Quick Facts

• Date: 11/7/2007
• Institution: Montana State University
• Type of Incident: Theft
• Number Affected: 216
• Source: ESI
• Abstract Source: Billings Gazette

Abstract
Quickly following the excel file incidents, Montana State University discovered that a Residence Life laptop containing personal information had been stolen somewhere off-campus. The laptop contained the names and Social Security numbers of 216 MSU staff and students that lived in on-campus housing from 1998-2007. There was no encryption used on the laptop.

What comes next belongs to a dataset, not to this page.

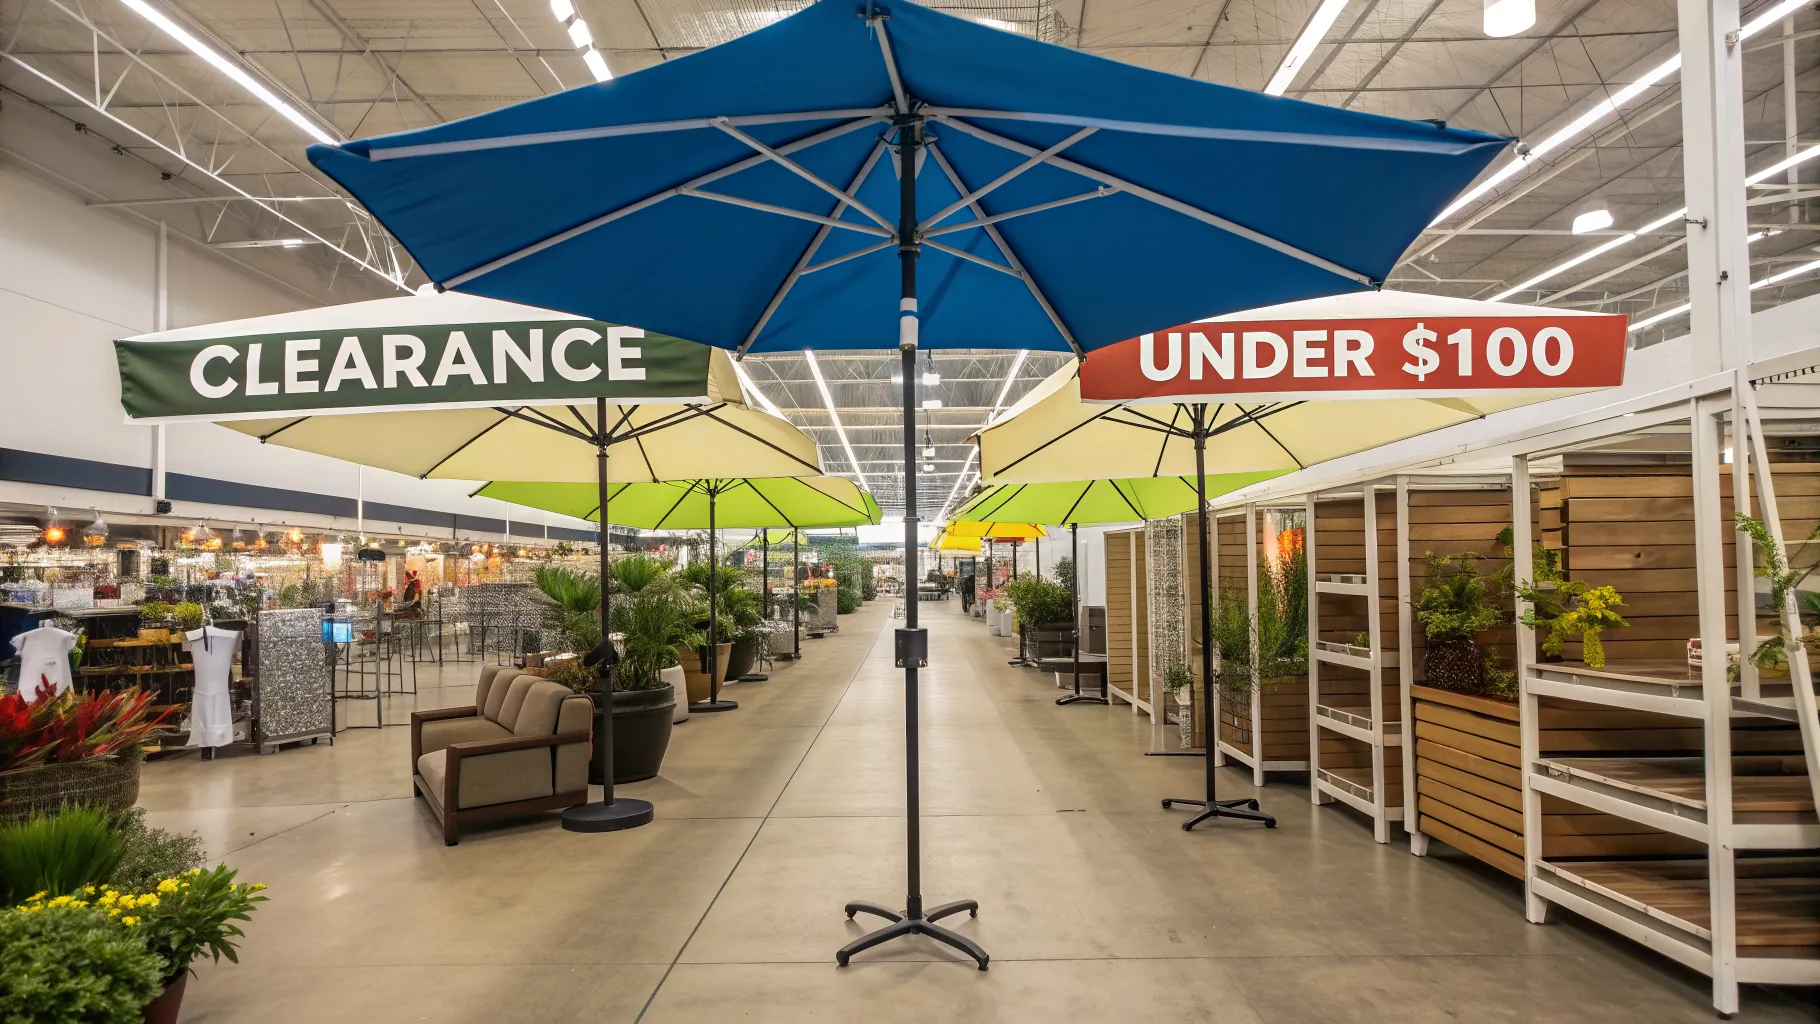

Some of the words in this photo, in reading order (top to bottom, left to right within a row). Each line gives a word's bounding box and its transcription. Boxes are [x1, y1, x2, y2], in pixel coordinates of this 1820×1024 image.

[189, 327, 647, 399] CLEARANCE
[1139, 330, 1376, 381] UNDER
[1401, 322, 1574, 382] $100

In letters sent to the affected staff and students, MSU urges them to closely monitor their credit reports for fraudulent activities, but the university has not offered to pay for any credit protection services at this point. the MSU Residence Life office is working to remove all sensitive personal information from portable devices to help prevent this type of incident in the future.

Quick Facts

• Date: 11/7/2007
• Institution: Montana State University
• Type of Incident: Unauthorized Disclosure
• Number Affected: 55
• Source: ESI
• Abstract Source: Billins Gazette

Abstract
On November 2, Montana State University received a tip from an independent security analyst that an excel file publicly available on an MSU web site. The file contained the names and Social Security numbers of 42 MSU employees, mostly summer 2006 new hires. MSU immediately removed the file after it received the tip. However, while investigating this incident, MSU staff came across another excel file containing personal information. This file, available through the Department of Computer Science web site since 2002, contained travel voucher information, including Social Security numbers, on 13 staff members. Again, the university immediately removed the file from the web site.

Quick Facts

• Date: 10/12/2007
• Institution: Montana State University
• Type of Incident: Penetration
• Number Affected: 1,400 (encrypted)
• Source: ESI
• Abstract Source: Montana State University News

Abstract
Montana State University is working to alert students after an unknown individual(s) breached a university server. The server, part of the MSU Extended University, contained credit card numbers, names and Social Security numbers of students enrolled in Extended University courses over the past two years. MSU immediately took the server off-line as soon as the breach was discovered. In letters to affected students, the university points out that the data on all 1,400 students was encrypted and there is little chance the unknown individual was able to gain access to this sensitive information. However, the university recommends that students pay close attention to their credit reports as a precaution. MSU has setup a hotline - 406-994-6550 - and a web site - eu.montana.edu/security - to help answer any questions about the incident.